Nunc dimittis in B flat
The Irish-born composer Charles Wood studied at Gonville and Caius College, Cambridge, which is where he then spent the majority of his working life. Chiefly known for his Anglican Church music, he is often overshadowed by his friend and colleague Charles Villiers Stanford. Wood wrote a number of evening canticle settings in both English and Latin. This Nunc dimittis in B flat dates from the late 1920s, and was published alongside another unaccompanied Nunc dimittis (in C), provided with both Latin and English texts by the composer.

As the apple tree
Robert Walker’s musical education began as a chorister at St. Matthew’s, Northampton—a church with a long history of commissions from such composers as Britten, Tippett, and Finzi. He studied at Cambridge and was, for a time, Professor of Composition at the London College of Music, before emigrating to Thailand. The short anthem As the apple tree dates from 1982 when it was written for the marriage of Walker’s nephew. The setting of words from the Song of Songs is dedicated, “To my father, who only likes the black notes”. The undulating and long melismatic phrases of both choir and organ give the effect of a tree swaying in the breeze and this impression is heightened towards the end where Walker resorts to an aleatoric effect—each voice singing the main theme freely in a hushed murmur.

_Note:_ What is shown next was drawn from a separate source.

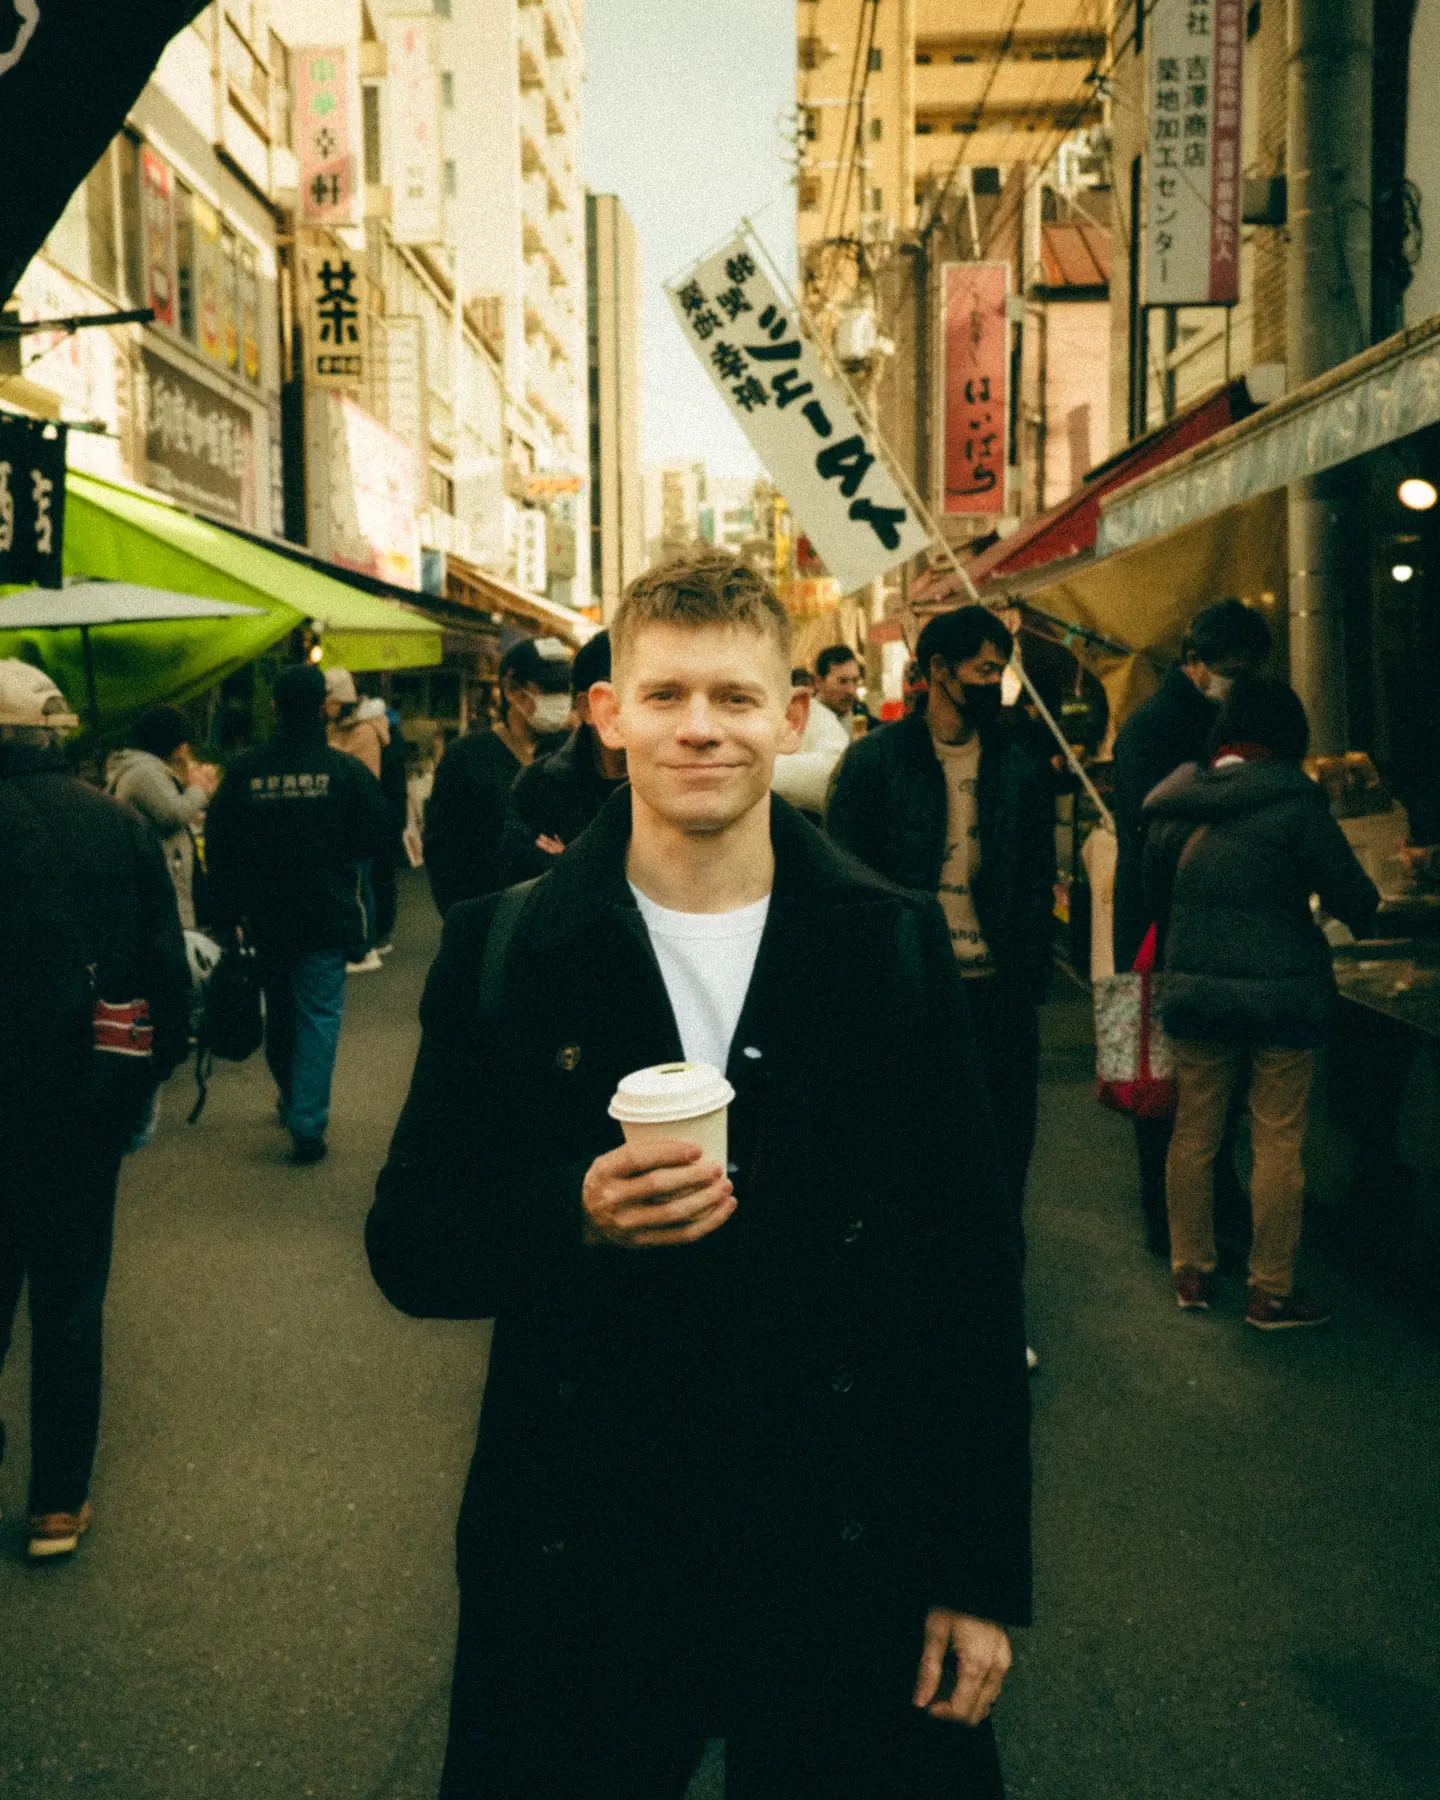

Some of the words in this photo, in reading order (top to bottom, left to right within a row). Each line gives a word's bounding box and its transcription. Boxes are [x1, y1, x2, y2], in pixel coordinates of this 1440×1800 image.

Ye choirs of new Jerusalem
The mediaeval chorus Chorus novae Jerusalem was written by the eleventh-century Bishop of Chartres, St. Fulbert. The hymn was used in England during his lifetime, and became one of the office hymns in the Sarum, York, and Hereford breviaries for the Sundays after Easter. It was translated from the Sarum Breviary in the late 1840s by Robert Campbell (1814-68) and first appeared in his Hymns and Anthems (1850). The hymn takes the theme of Christ as the deliverer of the prisoners from hell, alluded to in the hymn of praise in Revelation 5. Stanford’s vivacious and celebratory anthem speaks of the new Jerusalem chorusing the paschal victory of Jesus Christ in ‘strains of holy joy’.

Rupert Gough © 2008

Waiting for content to load...
Waiting for content to load...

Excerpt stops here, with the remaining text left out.